Rechts die „saubere“ Fläche. Links ist die Fläche voller Springkraut. (Foto: Klaus Stützenberger)
Milena Sontheim

Klaus Stützenberger war zehn Jahre alt, als er zum ersten Mal das drüsige Springkraut gesehen hat. Hätte er damals gewusst, wie viel Arbeit es ist, den Befall einzudämmen, hätte er die invasiven Pflanzen schon vor 40 Jahren raus gerissen. Klaus Stützenberger ist eigentlich KFZ-Mechaniker, seit sechs Jahren hat er es sich jedoch zur ehrenamtlichen Aufgabe gemacht, Springkraut in Flächen rund um Kißlegg zu bekämpfen. Dieses und die kommenden Jahre nutzt er ein wissenschaftliches Experiment, um die Erfolgsquote dieser Maßnahmen zu zeigen.

Viele vorbeifahrende Autofahrer haben sich wohl seit Juni gefragt, was es mit dem tennisnetzartigen Zaun im Wald an der Rötenbacher Straße Richtung Wolfegg auf sich hatte. Der zwei Meter hohe Zaun gehört zum Experiment von Stützenberger und seinem Team. Zusammen mit seinem Helfer Armin Kohler aus Waltershofen und Robert Bauer vom Landschaftserhaltungsverband Ravensburg erfasst er seit Juni die Überlebensfähigkeit der Springkrautsamen und wie wirkungsvoll die Entfernung der Pflanzen ist.

Das Experiment funktioniert folgendermaßen: Die eine Seite des Zauns ist im Juni noch vor der Samenbildung komplett von Springkraut befreit und gesäubert worden, auf der anderen Seite der Fläche wurden absichtlich 130 Pflanzen pro Quadratmeter stehen gelassen. Die mit Gitterfolie ausgestattete Wand sollte verhindern, dass Samen auf die „saubere“ Fläche überspringen. „Im Sommer 2020 können wir dann statistisch erfassen, wie viele Samen aus 2018, die wir nicht entfernt haben, im Boden überdauert haben“, sagte Stützenberger. Weil die Samen mehrere Jahre im Boden keimfähig sein können, erwartet er keine absolut springkrautfreie Fläche kommendes Jahr.
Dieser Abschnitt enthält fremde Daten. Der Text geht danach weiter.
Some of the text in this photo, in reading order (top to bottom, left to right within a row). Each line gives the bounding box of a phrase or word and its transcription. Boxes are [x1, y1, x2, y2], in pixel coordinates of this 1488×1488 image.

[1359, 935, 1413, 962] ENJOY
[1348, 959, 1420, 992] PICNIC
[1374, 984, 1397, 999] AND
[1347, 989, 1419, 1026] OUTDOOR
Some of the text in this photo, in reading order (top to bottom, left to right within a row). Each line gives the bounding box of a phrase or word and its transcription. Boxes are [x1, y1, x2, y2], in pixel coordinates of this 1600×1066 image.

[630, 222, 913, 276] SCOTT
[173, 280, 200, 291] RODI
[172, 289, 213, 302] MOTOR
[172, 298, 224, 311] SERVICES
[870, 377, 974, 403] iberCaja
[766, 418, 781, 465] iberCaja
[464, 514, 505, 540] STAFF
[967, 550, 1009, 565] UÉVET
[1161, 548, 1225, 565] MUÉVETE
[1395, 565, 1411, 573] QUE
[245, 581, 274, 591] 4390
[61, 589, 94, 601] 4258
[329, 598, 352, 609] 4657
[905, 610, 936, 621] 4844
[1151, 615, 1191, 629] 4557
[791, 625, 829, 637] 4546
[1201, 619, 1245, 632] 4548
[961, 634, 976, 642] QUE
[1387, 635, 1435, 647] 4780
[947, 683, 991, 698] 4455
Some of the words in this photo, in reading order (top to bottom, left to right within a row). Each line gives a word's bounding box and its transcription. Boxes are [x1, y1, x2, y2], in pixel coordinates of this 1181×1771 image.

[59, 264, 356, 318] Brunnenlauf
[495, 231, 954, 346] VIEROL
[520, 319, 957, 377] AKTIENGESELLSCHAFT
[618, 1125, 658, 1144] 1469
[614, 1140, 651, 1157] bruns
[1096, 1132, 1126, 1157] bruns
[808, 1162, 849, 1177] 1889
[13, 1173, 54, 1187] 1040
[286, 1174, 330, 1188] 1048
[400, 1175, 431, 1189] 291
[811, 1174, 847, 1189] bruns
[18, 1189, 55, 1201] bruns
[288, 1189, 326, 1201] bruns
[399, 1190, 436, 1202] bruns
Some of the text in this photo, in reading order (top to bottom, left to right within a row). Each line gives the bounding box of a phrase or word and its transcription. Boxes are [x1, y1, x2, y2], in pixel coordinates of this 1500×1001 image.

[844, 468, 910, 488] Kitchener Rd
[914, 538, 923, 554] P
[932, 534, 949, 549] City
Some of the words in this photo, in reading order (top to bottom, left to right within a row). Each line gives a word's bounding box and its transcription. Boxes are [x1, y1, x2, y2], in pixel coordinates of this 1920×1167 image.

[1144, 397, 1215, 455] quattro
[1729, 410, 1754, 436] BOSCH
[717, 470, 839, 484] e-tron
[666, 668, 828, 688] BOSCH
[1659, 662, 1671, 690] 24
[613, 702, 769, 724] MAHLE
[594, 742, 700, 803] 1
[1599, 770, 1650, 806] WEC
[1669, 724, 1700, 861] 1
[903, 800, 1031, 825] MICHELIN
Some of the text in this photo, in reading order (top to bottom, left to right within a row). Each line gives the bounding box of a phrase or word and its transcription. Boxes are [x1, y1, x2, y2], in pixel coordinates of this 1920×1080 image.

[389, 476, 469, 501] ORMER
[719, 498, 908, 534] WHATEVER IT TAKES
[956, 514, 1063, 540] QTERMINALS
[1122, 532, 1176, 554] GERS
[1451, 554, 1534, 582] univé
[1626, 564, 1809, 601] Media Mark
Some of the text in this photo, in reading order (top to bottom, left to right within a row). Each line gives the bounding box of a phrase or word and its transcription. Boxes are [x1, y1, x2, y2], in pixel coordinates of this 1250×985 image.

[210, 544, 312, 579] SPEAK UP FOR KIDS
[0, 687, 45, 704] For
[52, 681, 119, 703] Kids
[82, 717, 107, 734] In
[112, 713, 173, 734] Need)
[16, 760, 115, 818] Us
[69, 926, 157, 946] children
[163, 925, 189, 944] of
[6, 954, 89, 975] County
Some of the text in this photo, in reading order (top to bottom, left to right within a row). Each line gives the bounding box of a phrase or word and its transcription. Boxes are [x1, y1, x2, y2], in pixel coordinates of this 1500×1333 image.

Pflanze breitet sich sehr schnell aus

„Das Kraut ist wirklich eine Invasion“, sagte Stützenberger als er für dieses Jahr den Versuch in Burg bei Kißlegg beendet hat. Denn: Die Pflanzen breiten sich wahnsinnig schnell aus, weil die Samen bis zu fünf Meter weit springen. Das Gewächs wird bis zu zwei Meter groß und nimmt damit den Lebensraum und das Licht für anderen Pflanzen, erklärte Stützenberger. Für den Erhalt der Biodiversität ist die massive Verbreitung kritisch.

Der Förster Michael Fick, dem die Versuchsfläche gehört, hatte ebenfalls die Bedrohung des Gewächses erkannt. Umgeknicktes Springkraut hat junge Fichten zu Boden gedrückt, oder die Baumspitzen wachsen wegen zu wenig Licht doppelt. In Kißlegg seien neben der Versuchsfläche in Burg auch das Arisrieder Moos und das Burgermoos davon betroffen, sagte Robert Bauer vom Landschaftserhaltungsverband. Armin Kohler, der regelmäßig mit Freiwilligen in Waltershofen auf Springkrautjagd geht, bemerkt die Verbreitung ebenfalls im Waltershofener Wald. „Vor 30 Jahren gab es das Springkraut dort noch nicht. Heute ist es dominant“, sagte Kohler.

Erster Frost beendet Versuch

Da der erste Frost im November das Wachstum für diese Saison beendet hat, hat der Zaun seine Aufgabe für dieses Jahr erfüllt und wurde abgebaut. Das Experiment wird im Frühjahr 2020 fortgesetzt. Der Versuch sei nicht zufällig an einer stark befahrenen Straße aufgebaut. Denn: „Wir erhoffen uns damit öffentliche Aufmerksamkeit“, sagte Bauer. Sie wollen über die Bedrohung für den Forst aufklären und hoffen darauf, dass Interessierte bei ihnen Unterstützung holen und kleine Einzelbestände eventuell von Spaziergängern raus gerissen werden. „Die meisten Leute wissen mittlerweile wie Springkraut aussieht.“

Die Auswirkung des Klimawandels

Die Samen der einjährigen Pflanze verbreiten sich, sobald die Blütenkapsel explodiert. Tiere, Spaziergänger oder Räder von Forstmaschinen tragen diese dann weiter, sagte Stützenberger. Dort wo das aus dem Himalaya eingewanderte Springkraut auftaucht, vertreibt es die einheimischen Pflanzen wie Salbei, Minze, Wasserdost oder Weidenröschen und dringt in Naturschutzgebiete vor. Es wächst vor allem an Bach- oder Wegesrändern.

Die allmähliche Verschiebung der Jahreszeiten nützt dem Kraut zusätzlich, sagte Bauer. „Wenn es zu früh beziehungsweise zu spät Frost gibt, kann das Kraut länger reifen und mehr Samen produzieren.“ Der Klimawandel schaffe bessere Bedingungen für die Pflanze, sagte Bauer.